Where the latest BoC hold leaves fixed income allocations now

“We’re seeing that core inflation number stay close to target, it’s telling us that this is a supply shock. It’s not an overheating economy. So raising rates wouldn’t actually fix the problem. It would actually do the opposite. It would slow down and act on an already fragile growth economy. So the rate decision to us made sense,” Bredo says. “one thing worth flagging based on the decision is what we saw after the release. We saw bond yields and the loony both tick up a little bit. That tells us that the market’s read on the tone was more cautious on inflation than what the market had priced in. Not a hawkish surprise, but a nudge towards ‘don’t expect rate cuts anytime soon.’ A small move, but if it’s the story that while the bank held the underlying, they’re going to be watching it very, very closely.”

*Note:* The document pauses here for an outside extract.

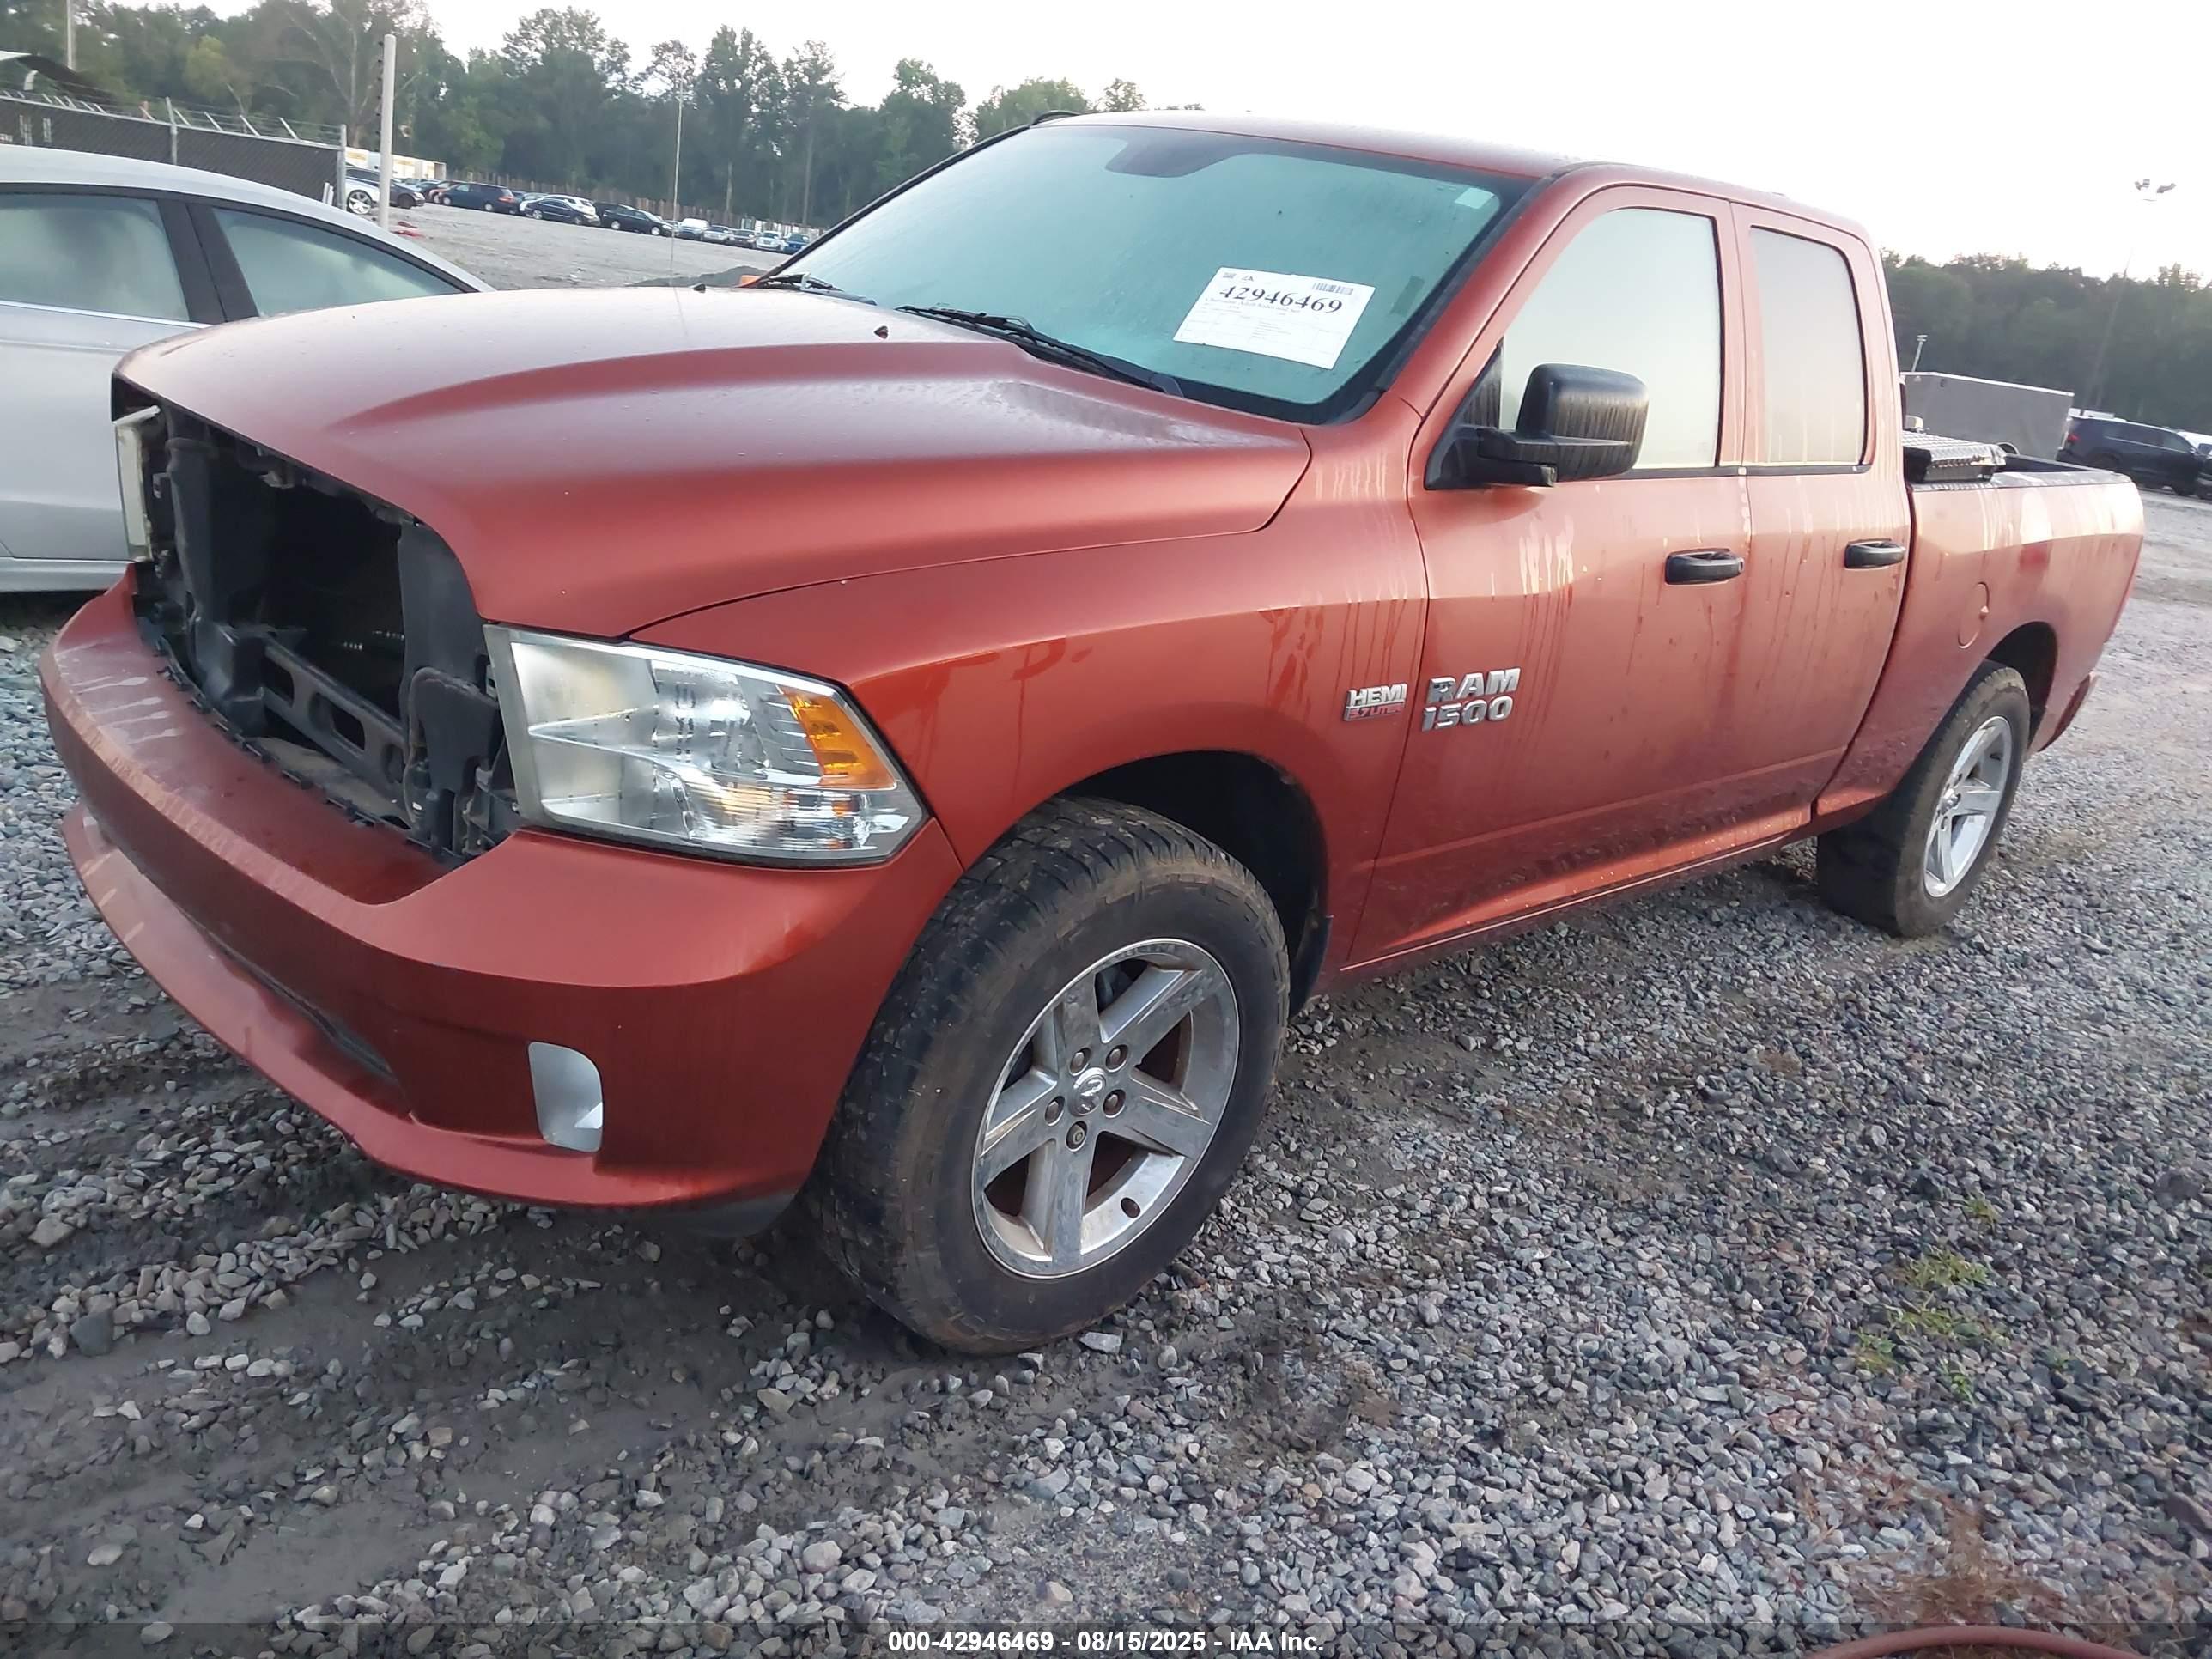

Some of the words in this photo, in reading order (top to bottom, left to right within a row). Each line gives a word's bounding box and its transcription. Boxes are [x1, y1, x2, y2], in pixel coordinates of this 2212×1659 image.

[1219, 285, 1343, 313] 42946469
[1346, 683, 1408, 708] HEMI
[1426, 667, 1521, 704] RAM
[1422, 696, 1514, 732] 1500

What stable at 2.25 per cent means for fixed income allocations

Bredo accepts that rates sitting on the low end of normal leaves income-focused clients, especially retirees, in a more challenging spot. People who might have enjoyed strong returns from their fixed income allocations at the peak of interest rates in 2023 are now being forced to look either further out on the curve or down in credit quality. Both options could involve risks a client can’t tolerate. The temptation, Bredo says, can be to sit in cash and lose ground to inflation, or to add risk and chase yield.

While current rates might put some clients in a tight spot, Bredo frames this as an opportunity for advisors to plan. With rates now apparently settled into a safe spot for the Bank of Canada, advisors can work with their clients on a more stable expectation of what they will earn, which he prefers to the moving targets that advisors had to chase in the post-COVID interest rate hiking and cutting cycle.

With that stability, Bredo says that advisors can add in those other sources of yield, be that maturity or credit rating, slowly and in ways that suit client risk tolerance.

Where to allocate and how to explain it

He still prefers to stay on the shorter end of the yield curve to avoid some of the macro risks that overhang long-duration Canadian bonds. He adds that longer-dated Canadian bonds carry a heavy correlation to global bond markets, so even if Canada exercises relative fiscal restraint compared to its peers, a bond market reaction to sovereign debt levels in the US or UK, for example, could see a serious downturn in the value of long-dated Canadian bonds as well. Beyond the risk, that’s also a deeply difficult phenomenon to explain to clients.